Robin Thicke's 'Blurred Lines' vs. Marvin Gaye: The War Over Summer's Song
The battle with the late singer's estate renews an unsettled debate over how much similarity is too much.
This story first appeared in the Sept. 13 issue of The Hollywood Reporter magazine.
When Robin Thicke marched into court Aug. 15 seeking a ruling that his summer hit "Blurred Lines" is not a copy of Marvin Gaye's 1977 classic "Got to Give It Up," he renewed a controversy that has simmered since the dawn of pop music. Here was a white musician (albeit with African-American co-writers Pharrell Williams and Clifford "T.I." Harris Jr.) allegedly stealing a black artist's song craft without credit or compensation. Fifty years ago, upon the release of "Surfin' U.S.A.," The Beach Boys were pressured into giving Chuck Berry a writing credit for a song that sounded eerily similar to "Sweet Little 16."
Although musical influences can be heard in nearly every song on the radio, such artists as John Lennon, Led Zeppelin and Black Eyed Peas have been brought to court for song theft, which under copyright law means their music is "substantially similar" to another song. In 1976, for example, George Harrison was found to have lifted 1970's "My Sweet Lord" -- "subconsciously," said the judge -- from The Chiffons' "He's So Fine."
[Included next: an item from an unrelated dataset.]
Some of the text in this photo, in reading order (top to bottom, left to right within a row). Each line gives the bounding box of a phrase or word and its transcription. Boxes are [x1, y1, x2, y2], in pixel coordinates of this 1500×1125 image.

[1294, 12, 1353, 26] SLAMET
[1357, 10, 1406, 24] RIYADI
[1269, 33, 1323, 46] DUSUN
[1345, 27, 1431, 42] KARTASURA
Nonetheless, for all the instances in which a songwriter extracts something from a similar song -- Madonna had to pull "Frozen" from Belgian radio after a Belgian artist won a plagiarism case -- there are countless disputes that go nowhere. That's due in part to the murky and subjective nature of copyright law -- blurred legal lines, you might say. As Questlove tweeted about Thicke's suit: "Just because a song is derivative that doesn't mean it's plagiarized."
Copyright authority includes the ability to control "derivative works." "You can't make 'Hotel California 2' or 'Welcome Back to the Jungle' any more than you could make Star Wars: Episode VII without a license," notes copyright lawyer Eric German.
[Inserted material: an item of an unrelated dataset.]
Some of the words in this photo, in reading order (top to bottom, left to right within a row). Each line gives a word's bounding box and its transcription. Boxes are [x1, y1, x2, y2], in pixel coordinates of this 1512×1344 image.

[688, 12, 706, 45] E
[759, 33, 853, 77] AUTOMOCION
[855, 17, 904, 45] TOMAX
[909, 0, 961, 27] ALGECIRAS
But courts often are left to make subjective evaluations of how much similarity is too much. Just ask the songwriter who sued Kanye West over 2007's "Stronger" and was ridiculed by judges for attempting to "own" a particular rhyme pattern. The plaintiff "cannot claim copyright over a tercet," scoffed an appeals court this year.
In fact, in a song theft case, one of the first things argued is what is protectable and what isn't. Musicologists are hired, time signatures are scrutinized, and the measures in a verse become a battleground. An ongoing $10 million lawsuit against Justin Bieber and Usher, for instance, makes the case that "Somebody to Love" took a valuable hook from a Virginia songwriter.
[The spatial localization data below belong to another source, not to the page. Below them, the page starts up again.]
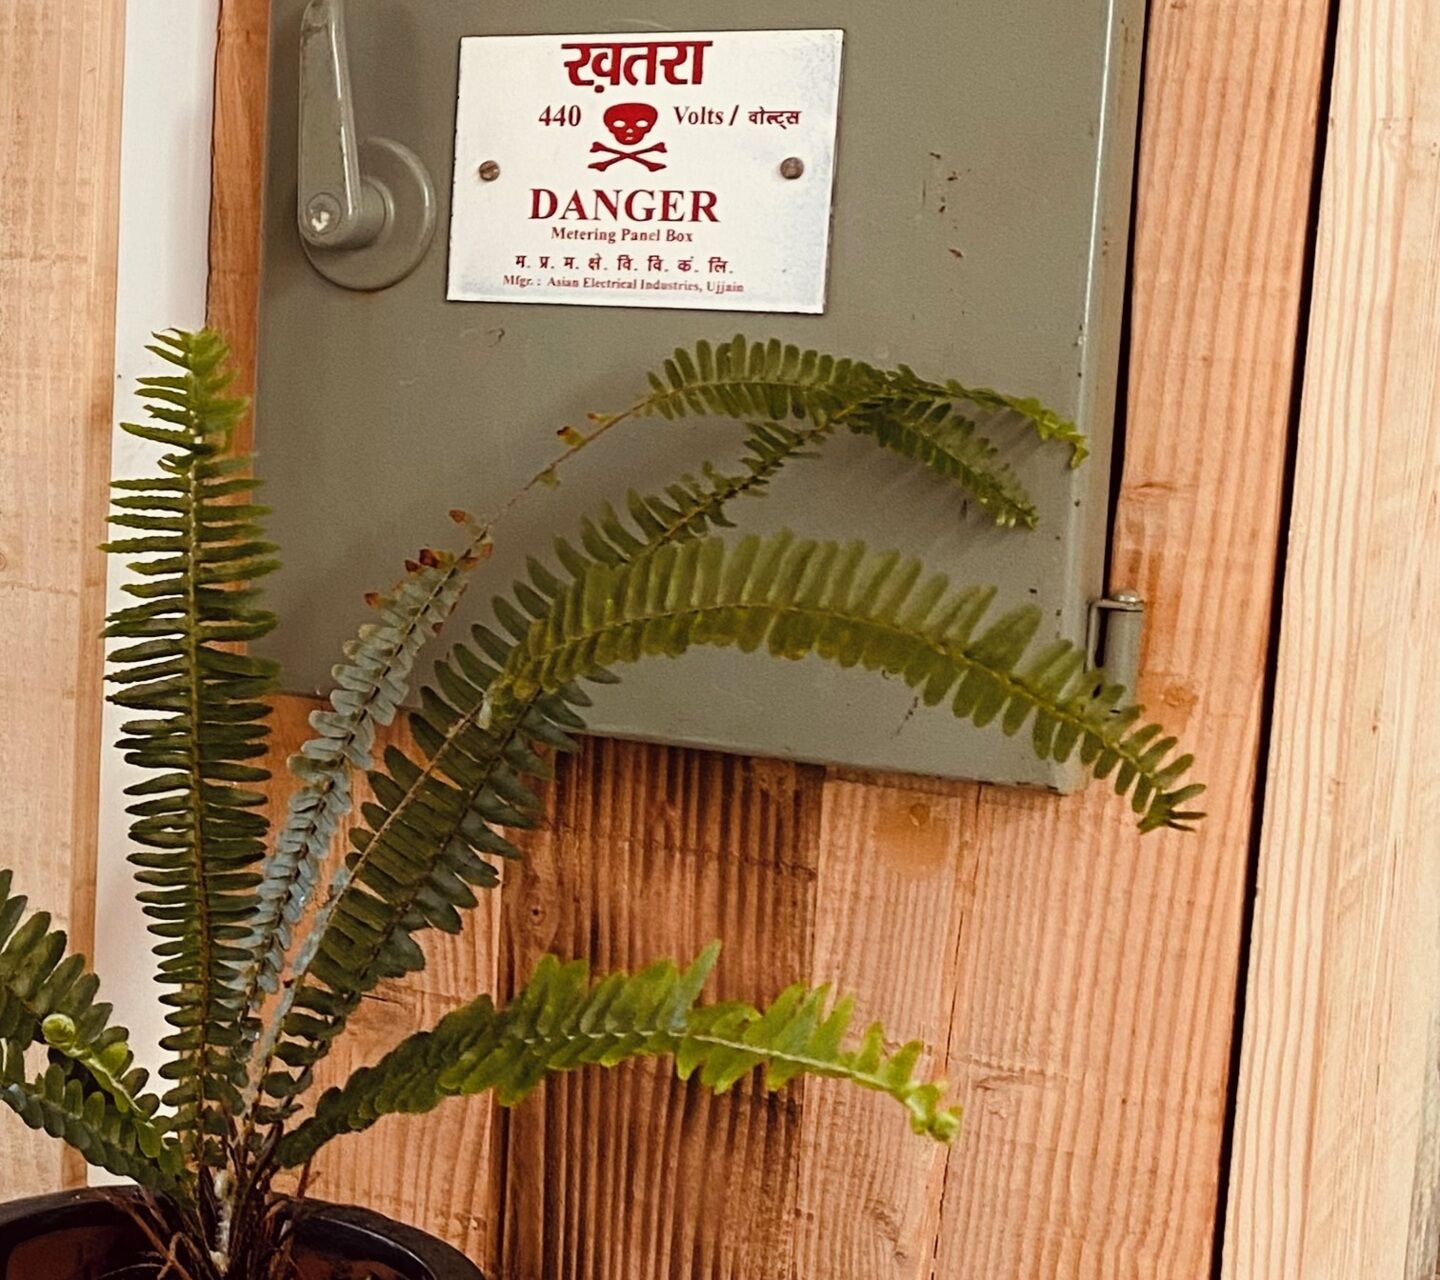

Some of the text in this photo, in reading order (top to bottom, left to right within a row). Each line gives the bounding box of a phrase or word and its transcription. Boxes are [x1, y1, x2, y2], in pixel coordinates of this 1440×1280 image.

[538, 104, 582, 127] 440
[528, 188, 721, 222] DANGER
[550, 226, 694, 244] Metering Panel Box
[547, 276, 580, 288] Asian
[582, 277, 637, 289] Electrical
[640, 279, 704, 293] Industries,
"Of course, the lyrics had to change," an attorney for the plaintiff argued in court papers. "But to keep the value of the underlying song, they had to keep the 'hook,' that part ... listeners will sing to themselves in the car or shower ('I … need somebody to loooooove!')." And what do Bieber's attorneys say? "The law is clear that this phrase is too short and cliche to be protected."
If the songwriter suing Bieber were more popular, he'd likely have an easier time. Under the "inverse ratio rule," a lower standard of proof of similarity is necessary when a high degree of "access" is shown. Parties also battle over "extrinsic" similarity -- objective measures like chord progression -- and "intrinsic" similarity, or what an ordinary listener might think. Other considerations include whether the artist accused of lifting has made "transformative" use of the original.
Digital advances only have confused the legal issues. Websites give artists instant access to millions of previous songs. At the same time, forensic software allows the lesser-known artist to sniff out unlicensed samples, explaining why Madonna is facing a lawsuit over 1990's "Vogue" and The Beastie Boys are fighting over its 1989 album, Paul's Boutique.
The preemptive move by Thicke against Gaye's family and Bridgeport Music Inc. (rightsholder for Funkadelic, whose "Sexy Ways" also was named) is a somewhat ingenious gambit: By suing over two allegedly similar songs, Thicke's lawyer Howard King implicitly argues that music can't be plagiarized from a duo of distinct tunes. On the other hand, the Gayes' lawyer, Richard Busch, likely will make the case that the war over the song of summer 2013 isn't much different than the one over the song of summer 1963. Brian Wilson gave Chuck Berry props. Should Thicke do the same for Marvin Gaye?